(Saved data entries)
|---|

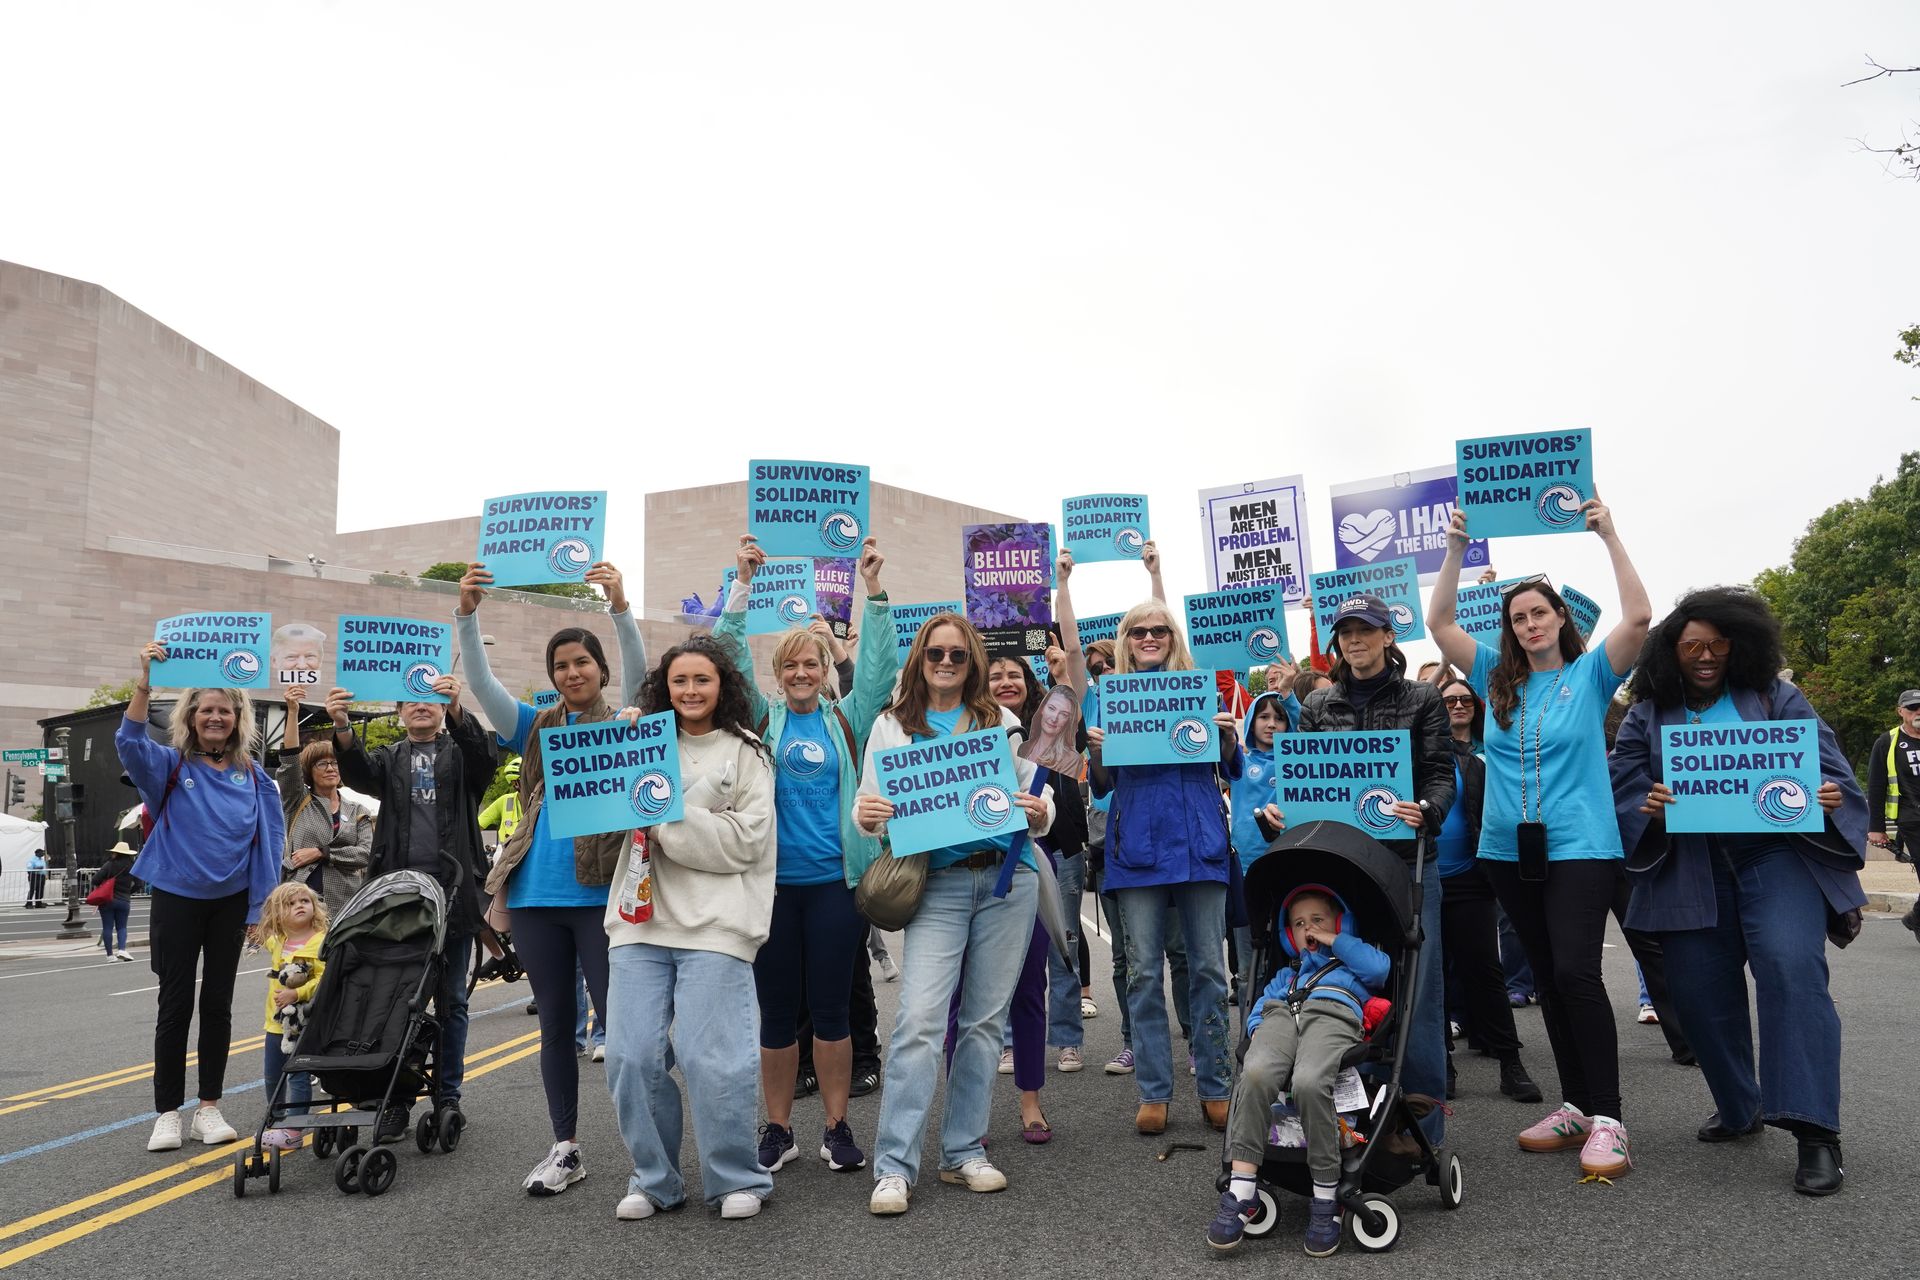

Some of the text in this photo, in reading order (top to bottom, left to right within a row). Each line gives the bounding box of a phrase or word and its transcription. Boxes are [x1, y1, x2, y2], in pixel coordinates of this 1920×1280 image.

[1462, 434, 1582, 460] SURVIVORS'
[755, 465, 861, 484] SURVIVORS'
[1463, 459, 1581, 483] SOLIDARITY
[755, 487, 859, 505] SOLIDARITY
[1066, 496, 1142, 512] SURVIVORS'
[1464, 487, 1531, 505] MARCH
[487, 496, 598, 516] SURVIVORS'
[1229, 499, 1277, 522] MEN
[755, 509, 817, 523] MARCH
[1066, 512, 1142, 527] SOLIDARITY
[1231, 516, 1279, 534] ARE THE
[1399, 509, 1409, 538] I
[485, 517, 594, 536] SOLIDARITY
[1067, 528, 1112, 542] MARCH
[482, 538, 546, 556] MARCH
[1218, 526, 1295, 552] PROBLEM.
[1395, 534, 1448, 554] THE RIG
[974, 549, 1041, 570] BELIEVE
[1233, 547, 1282, 570] MEN
[815, 569, 850, 584] ELIEVE
[973, 569, 1043, 587] SURVIVORS
[1226, 563, 1293, 583] MUST BE THE
[1315, 563, 1409, 590] SURVIVORS'
[1188, 589, 1276, 611] SURVIVORS'
[161, 616, 264, 631] SURVIVORS'
[1190, 607, 1276, 629] SOLIDARITY
[344, 620, 445, 639] SURVIVORS'
[1192, 630, 1242, 646] MARCH
[343, 640, 442, 657] SOLIDARITY
[342, 659, 401, 673] MARCH
[280, 670, 318, 684] LIES
[1105, 675, 1208, 694] SURVIVORS'
[1106, 696, 1207, 715] SOLIDARITY
[548, 718, 667, 752] SURVIVORS'
[1107, 719, 1166, 735] MARCH
[1280, 736, 1401, 756] SURVIVORS'
[1669, 726, 1806, 748] SURVIVORS'
[551, 743, 668, 777] SOLIDARITY
[881, 733, 998, 772] SURVIVORS'
[1670, 751, 1805, 772] SOLIDARITY
[886, 757, 1001, 796] SOLIDARITY
[1281, 761, 1400, 780] SOLIDARITY
[553, 776, 626, 801] MARCH
[1283, 786, 1351, 802] MARCH
[1671, 778, 1749, 796] MARCH
[892, 791, 961, 820] MARCH
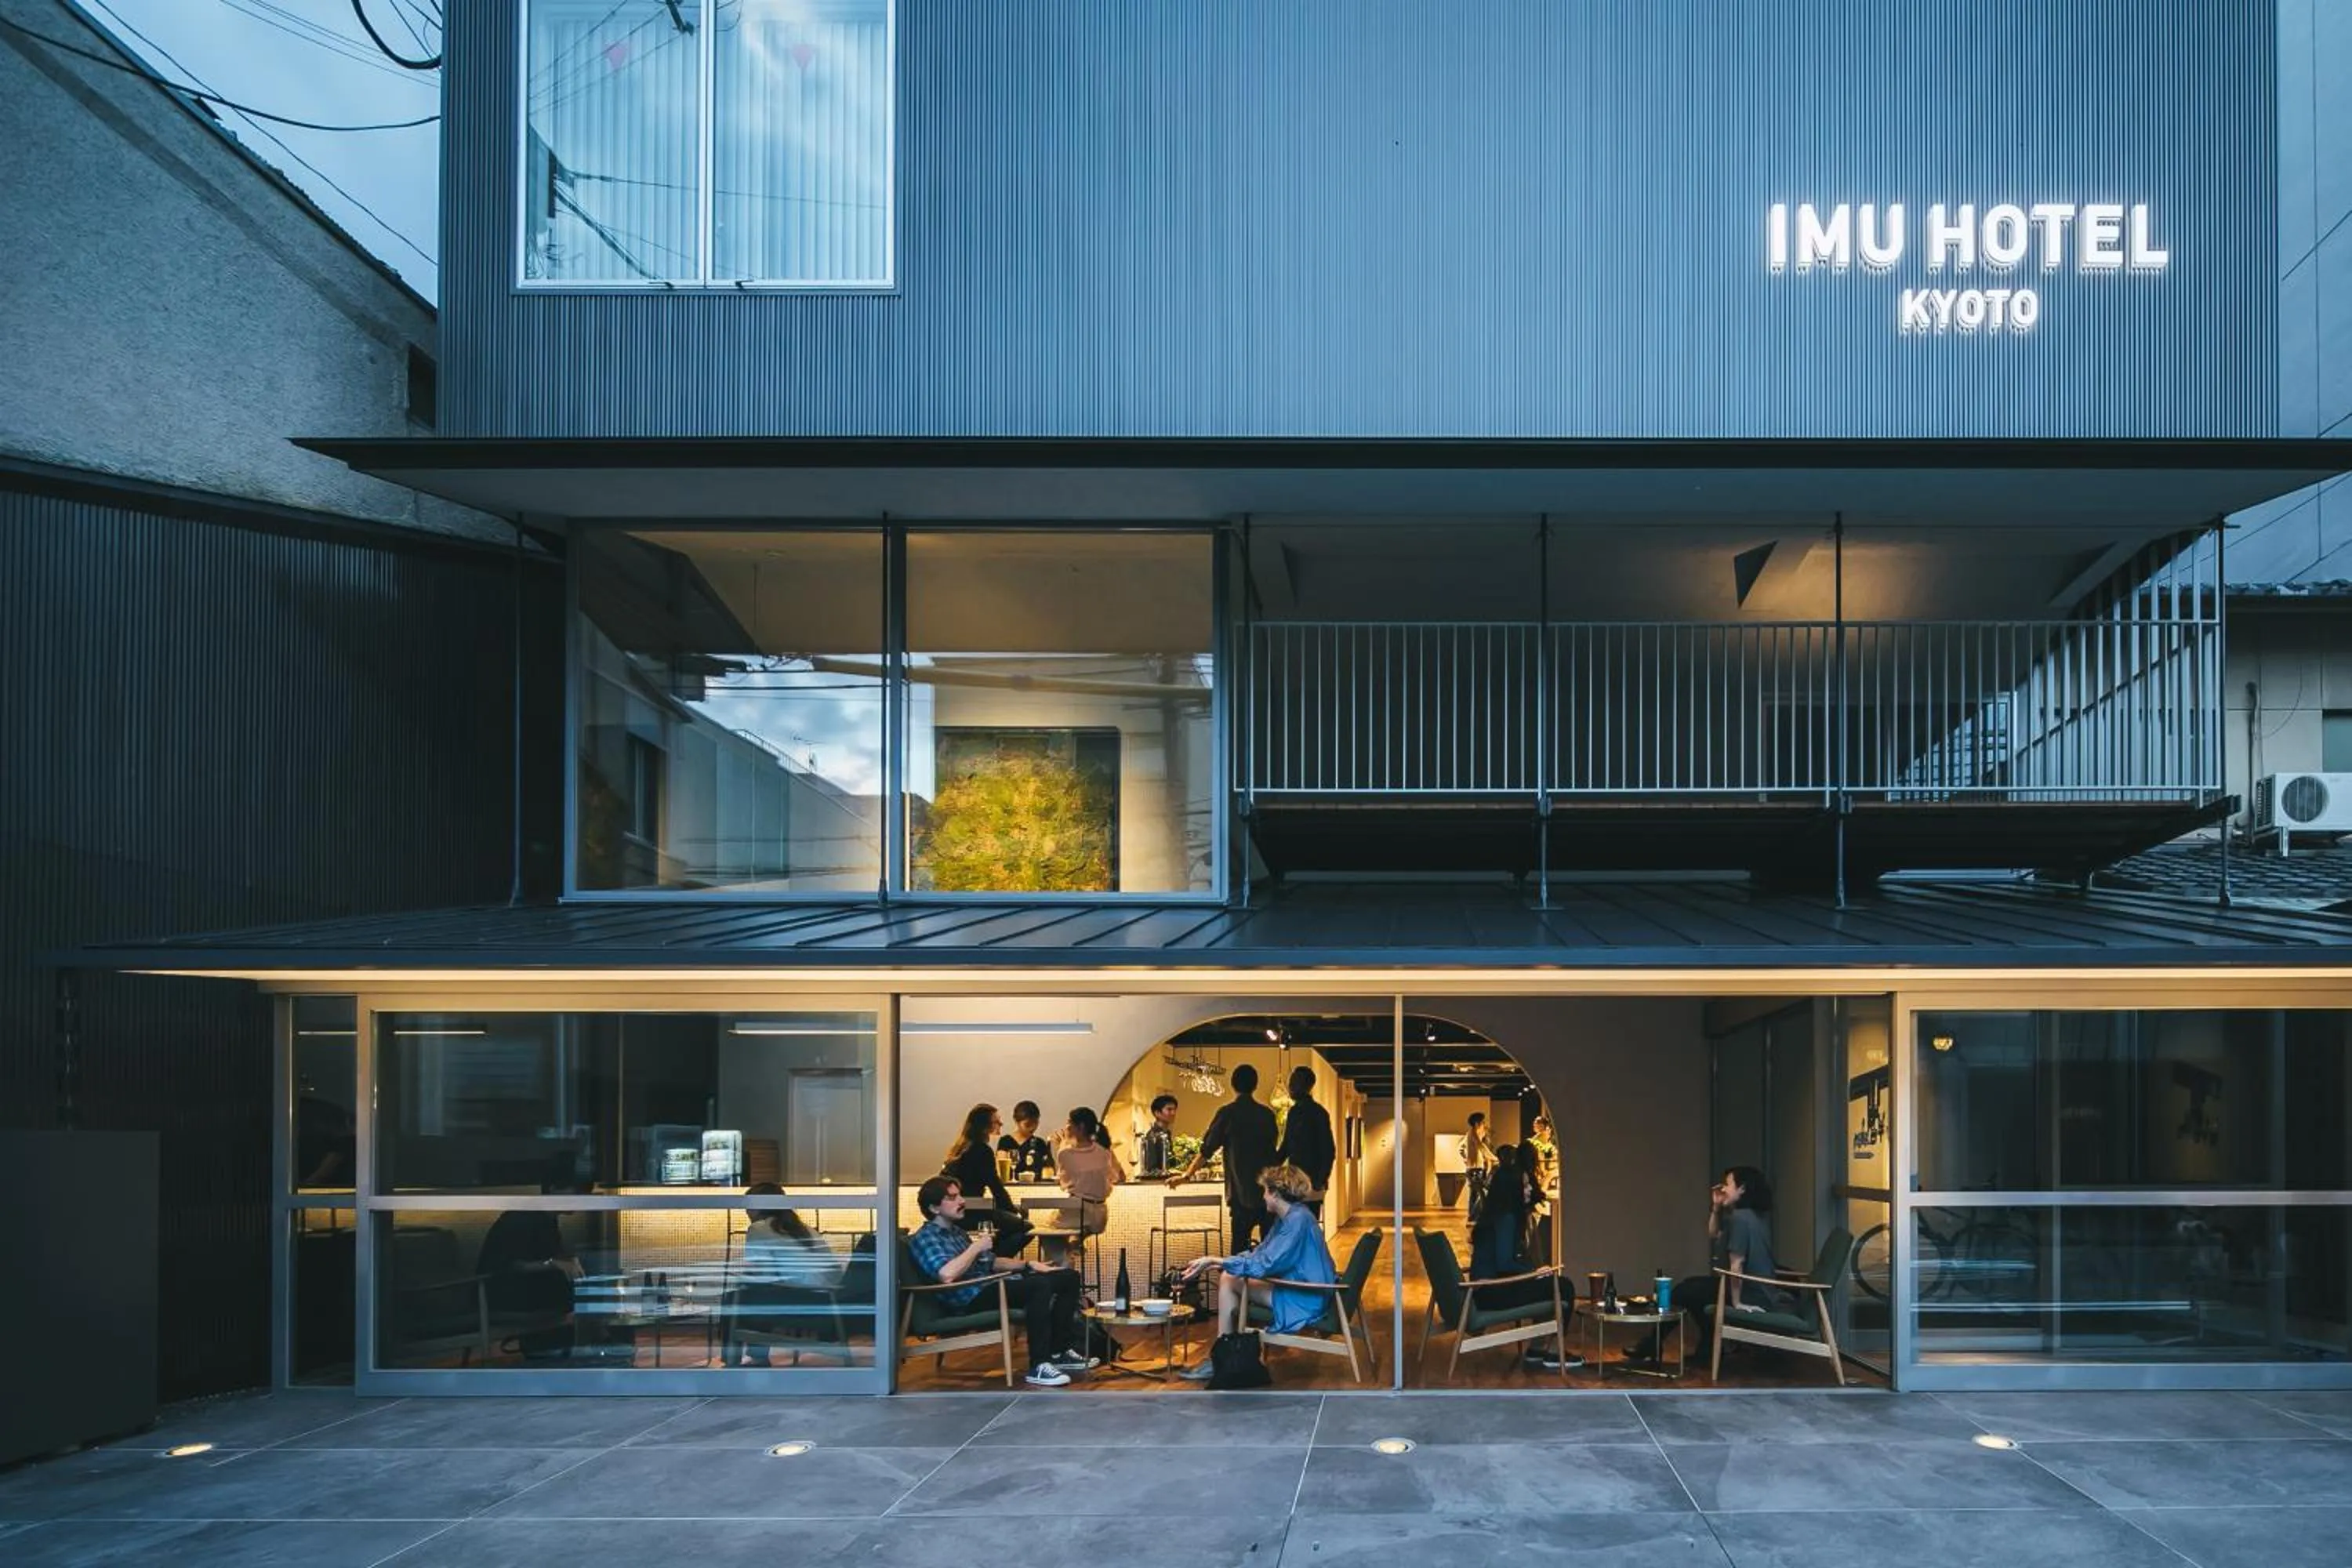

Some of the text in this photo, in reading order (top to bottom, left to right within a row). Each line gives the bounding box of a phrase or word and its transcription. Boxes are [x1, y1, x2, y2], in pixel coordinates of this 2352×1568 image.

[1769, 203, 2169, 270] IMU HOTEL
[1901, 289, 2038, 331] KYOTO

|---|

Exercise prompt: Reproduce the data above in full, exactly as it is, with the pictures left out.

Solution to this problem:
Some of the text in this photo, in reading order (top to bottom, left to right within a row). Each line gives the bounding box of a phrase or word and its transcription. Boxes are [x1, y1, x2, y2], in pixel coordinates of this 1920×1280 image.

[1462, 434, 1582, 460] SURVIVORS'
[755, 465, 861, 484] SURVIVORS'
[1463, 459, 1581, 483] SOLIDARITY
[755, 487, 859, 505] SOLIDARITY
[1066, 496, 1142, 512] SURVIVORS'
[1464, 487, 1531, 505] MARCH
[487, 496, 598, 516] SURVIVORS'
[1229, 499, 1277, 522] MEN
[755, 509, 817, 523] MARCH
[1066, 512, 1142, 527] SOLIDARITY
[1231, 516, 1279, 534] ARE THE
[1399, 509, 1409, 538] I
[485, 517, 594, 536] SOLIDARITY
[1067, 528, 1112, 542] MARCH
[482, 538, 546, 556] MARCH
[1218, 526, 1295, 552] PROBLEM.
[1395, 534, 1448, 554] THE RIG
[974, 549, 1041, 570] BELIEVE
[1233, 547, 1282, 570] MEN
[815, 569, 850, 584] ELIEVE
[973, 569, 1043, 587] SURVIVORS
[1226, 563, 1293, 583] MUST BE THE
[1315, 563, 1409, 590] SURVIVORS'
[1188, 589, 1276, 611] SURVIVORS'
[161, 616, 264, 631] SURVIVORS'
[1190, 607, 1276, 629] SOLIDARITY
[344, 620, 445, 639] SURVIVORS'
[1192, 630, 1242, 646] MARCH
[343, 640, 442, 657] SOLIDARITY
[342, 659, 401, 673] MARCH
[280, 670, 318, 684] LIES
[1105, 675, 1208, 694] SURVIVORS'
[1106, 696, 1207, 715] SOLIDARITY
[548, 718, 667, 752] SURVIVORS'
[1107, 719, 1166, 735] MARCH
[1280, 736, 1401, 756] SURVIVORS'
[1669, 726, 1806, 748] SURVIVORS'
[551, 743, 668, 777] SOLIDARITY
[881, 733, 998, 772] SURVIVORS'
[1670, 751, 1805, 772] SOLIDARITY
[886, 757, 1001, 796] SOLIDARITY
[1281, 761, 1400, 780] SOLIDARITY
[553, 776, 626, 801] MARCH
[1283, 786, 1351, 802] MARCH
[1671, 778, 1749, 796] MARCH
[892, 791, 961, 820] MARCH

Some of the text in this photo, in reading order (top to bottom, left to right within a row). Each line gives the bounding box of a phrase or word and its transcription. Boxes are [x1, y1, x2, y2], in pixel coordinates of this 2352×1568 image.

[1769, 203, 2169, 270] IMU HOTEL
[1901, 289, 2038, 331] KYOTO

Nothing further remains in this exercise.